• [Activity]: The entries below must be reproduced exactly; their pictures are not part of the copy.

Material shown: Begin

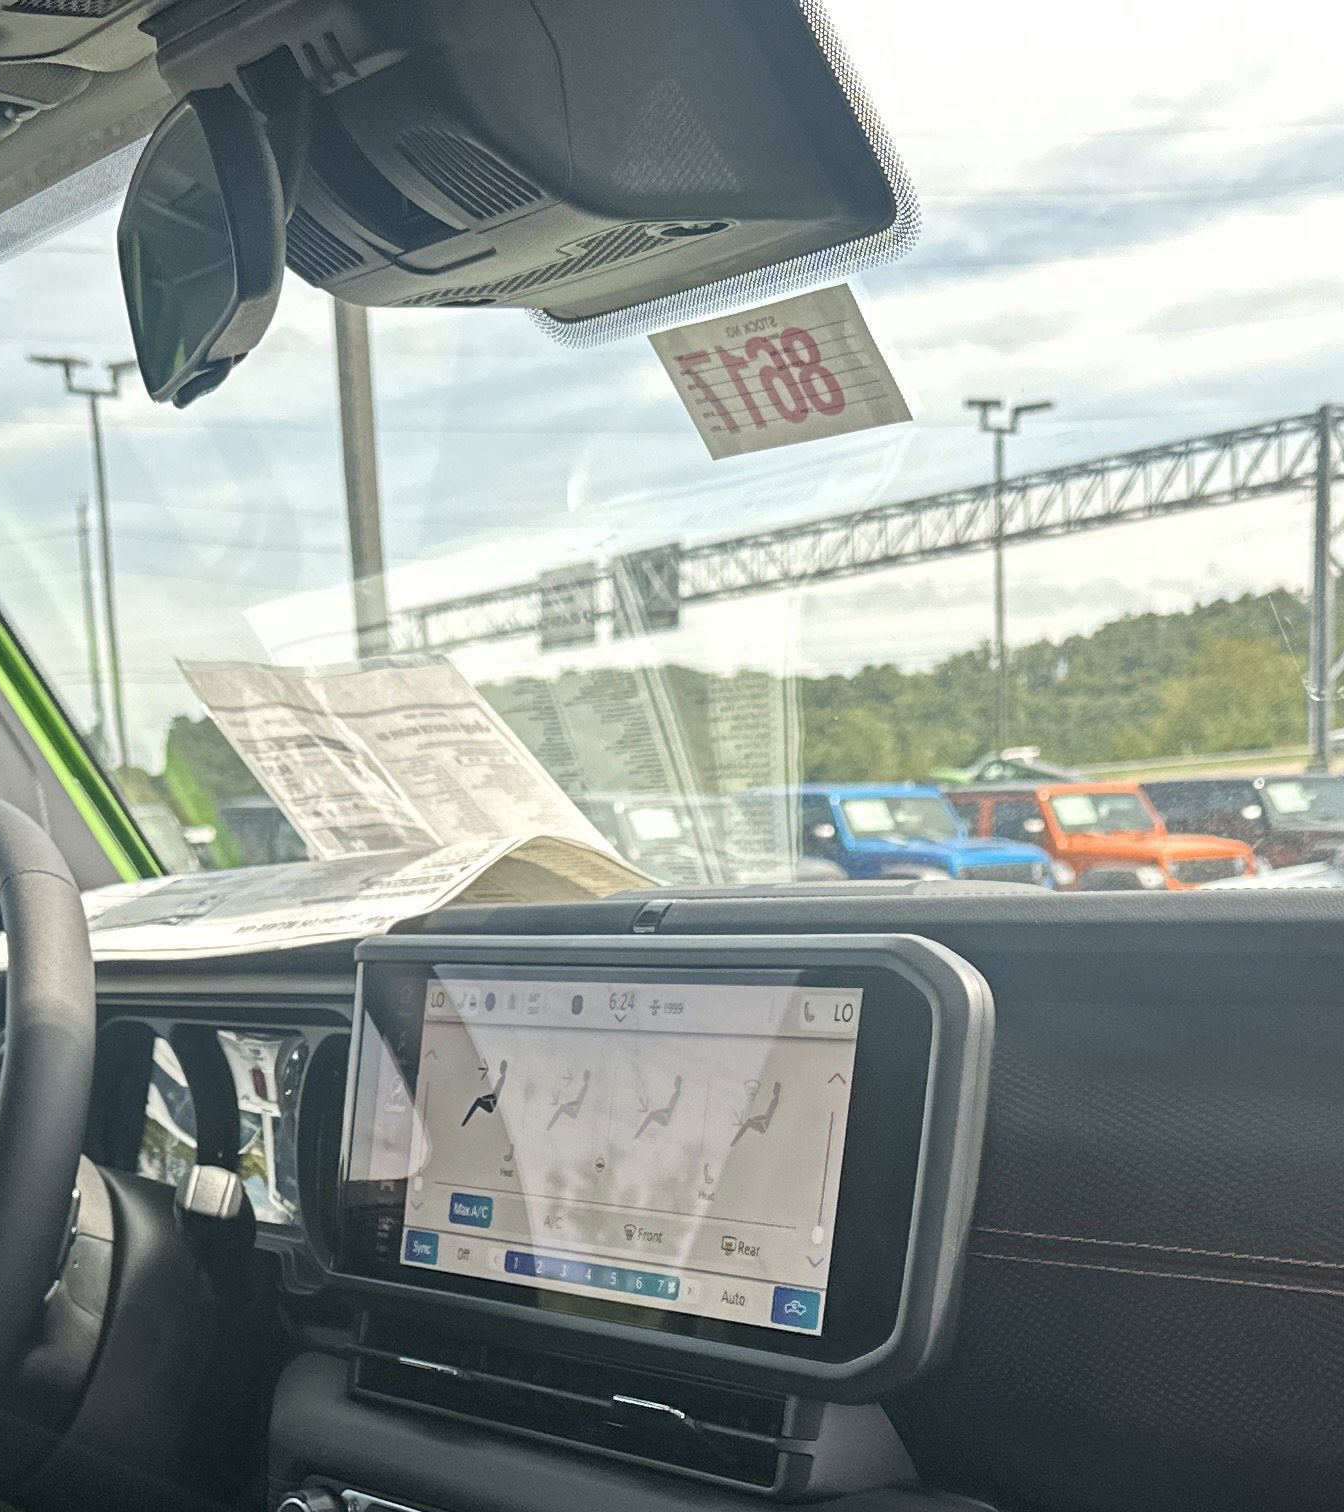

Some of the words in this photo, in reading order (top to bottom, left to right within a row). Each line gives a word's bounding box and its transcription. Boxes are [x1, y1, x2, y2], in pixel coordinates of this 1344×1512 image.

[834, 1003, 854, 1022] LO
[638, 1227, 663, 1244] Front
[413, 1240, 431, 1256] Sync
[737, 1241, 760, 1257] Rear
[536, 1260, 543, 1274] 2
[560, 1265, 567, 1278] 3
[610, 1272, 617, 1285] 5
[635, 1276, 643, 1289] 6
[721, 1290, 746, 1306] Auto
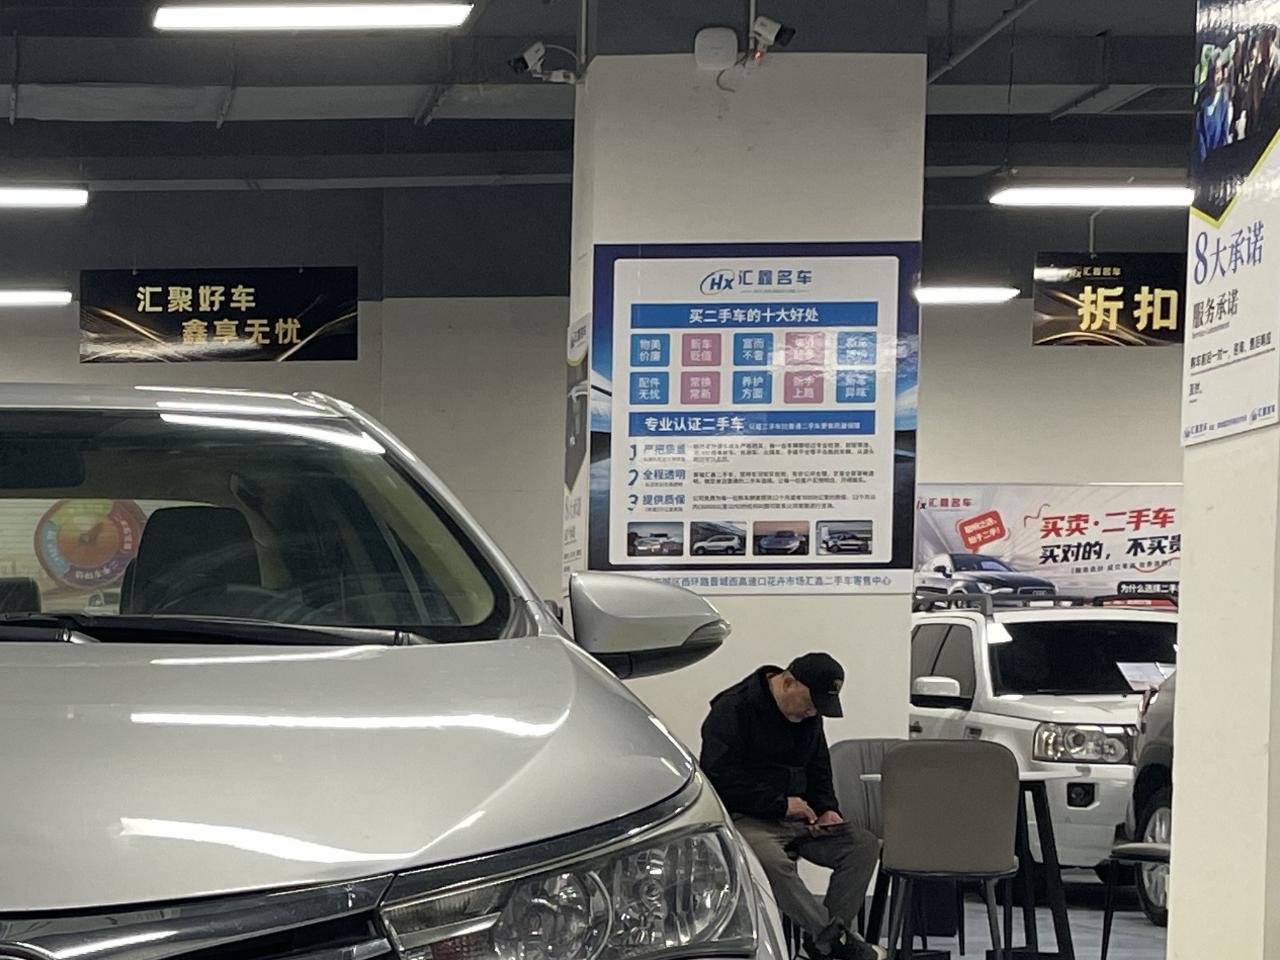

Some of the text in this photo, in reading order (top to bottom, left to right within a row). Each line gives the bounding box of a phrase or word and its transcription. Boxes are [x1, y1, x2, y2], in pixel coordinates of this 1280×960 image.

Material shown: End

• [Answer area]:
Some of the words in this photo, in reading order (top to bottom, left to right within a row). Each line gives a word's bounding box and its transcription. Boxes are [x1, y1, x2, y2], in pixel coordinates of this 1344×1512 image.

[834, 1003, 854, 1022] LO
[638, 1227, 663, 1244] Front
[413, 1240, 431, 1256] Sync
[737, 1241, 760, 1257] Rear
[536, 1260, 543, 1274] 2
[560, 1265, 567, 1278] 3
[610, 1272, 617, 1285] 5
[635, 1276, 643, 1289] 6
[721, 1290, 746, 1306] Auto

Some of the text in this photo, in reading order (top to bottom, left to right within a row). Each line gives the bounding box of a phrase or word and its transcription. Boxes are [x1, y1, x2, y2], in pixel coordinates of this 1280×960 image.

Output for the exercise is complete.